As PCB chairman, Sethi did surprisingly well on a few fronts. His biggest success was the launch of the Pakistan Super League (PSL). Under him, the national team did well. The campaign to bring international cricket back to Pakistan also made progress. But it’s an open secret that in order to consolidate his authority he leaned too much on vested interest elements. And those elements were more interested in safeguarding their own interests. The net result is that despite tall claims Pakistan domestic cricket structure remains in tatters.

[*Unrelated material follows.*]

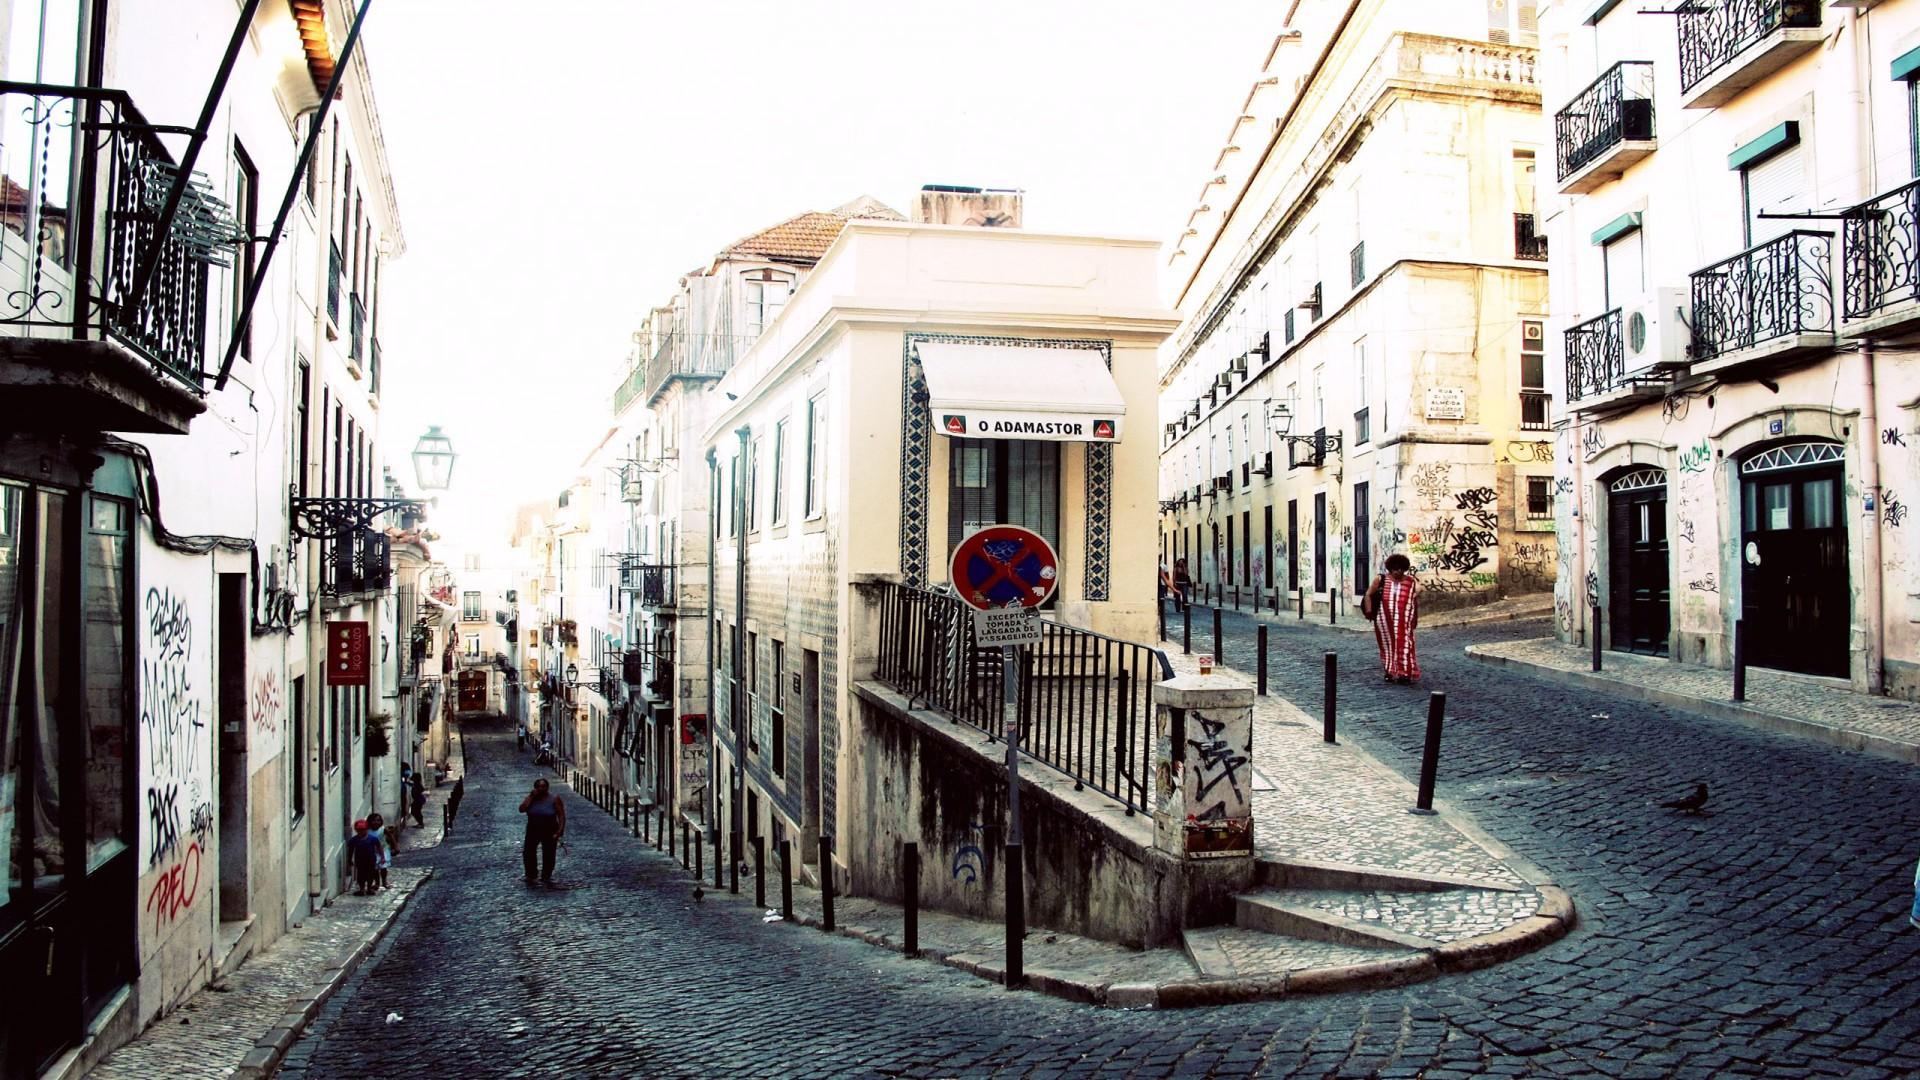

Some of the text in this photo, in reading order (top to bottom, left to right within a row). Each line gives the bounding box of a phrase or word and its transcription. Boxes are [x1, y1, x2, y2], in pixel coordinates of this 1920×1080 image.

[978, 420, 1082, 435] O ADAMASTOR
[987, 613, 1026, 621] EXCEPTO
[986, 620, 1022, 629] TOMADA
[981, 627, 1022, 636] LARGADA

Even Ashraf had his share of success. Under his watch, Pakistan successfully hosted the Asia Cup while the national team reached the final of the inaugural ICC World Twenty20 championship in South Africa in 2007.
But the sort of success achieved by Sethi or Ashraf before him isn’t the sort of success on which legacies are built on. PCB and its chairman could only be truly dubbed as successful if they are able to take long-term steps which can guarantee cricket’s progress in the country.

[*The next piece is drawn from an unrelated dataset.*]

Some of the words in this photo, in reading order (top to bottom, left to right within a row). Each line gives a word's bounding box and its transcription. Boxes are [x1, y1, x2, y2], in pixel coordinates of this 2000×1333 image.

That’s why despite all his contributions, PCB and Pakistan cricket would be better off if Sethi steps down and allows the new government to implement its own plans. Maybe, just maybe, Imran Khan and other decision-makers in the new government would not repeat the same mistakes of the past and would think long-term while making changes in the PCB. Maybe, just maybe, they would focus on the system rather than individuals.
It would also be better for Sethi if he quits while he is still ahead. He would be remembered as the chairman who gave Pakistan cricket the glitzy PSL rather than the chairman who was sacked by Imran Khan.
Whether Sethi resigns or decides to stay and fight, it seems quite evident that there are going to be major changes in Pakistan cricket in the coming months.
Hypothetically speaking, if a new chairman takes over then he is going to have a tough task facing him. The new chairman will need to rope in a competent team to run the PCB. The current team is more of a liability than an asset for Pakistan cricket. The new chairman shouldn’t waste much time in forming a strong team around him. A chain, they say, is only as strong as its weakest link. The current PCB set-up is replete with weak links. What the Board needs is competent professionals, who are capable and competent enough to face the various challenges being faced by Pakistan cricket.
Secondly, he will have to find ways and means to help bring back international cricket to Pakistan. Our cricket bosses might be okay with the idea of making UAE the official home for Pakistan cricket, the bitter truth is that hosting our ‘home’ games abroad is not the solution, at least not a long-term one.
Frankly speaking, most international teams have never been comfortable with the idea of visiting Pakistan. All we had to offer them is our warm hospitality. High-profile cricket stars from countries like Australia and England can’t just survive on mere warmth for a tour that could last for six weeks or even longer. Now if we give them the option of playing our home matches in tourist-friendly places like Dubai or Kuala Lumpur, we are just kissing our chances of once again becoming an international cricketing destination goodbye.
The new chairman will also have to make it sure that the PCB is run in a professional manner. In an organisation that is focused on achieving its targets, there is no room for whimsical decisions. All steps should be carried out after careful planning. Extensive research before the launch of any major project should be a must.
The new PCB boss will have to help infuse new life into development projects. He will also have to bring transparency in the matters of Pakistan cricket. Over the years, PCB has become too secretive especially in its financial dealings. Take for example the case of the PSL. PCB’s critics allege that there have been financial irregularities on the part of the Board regarding the T20 league. A more transparent policy will put an end to all such speculations.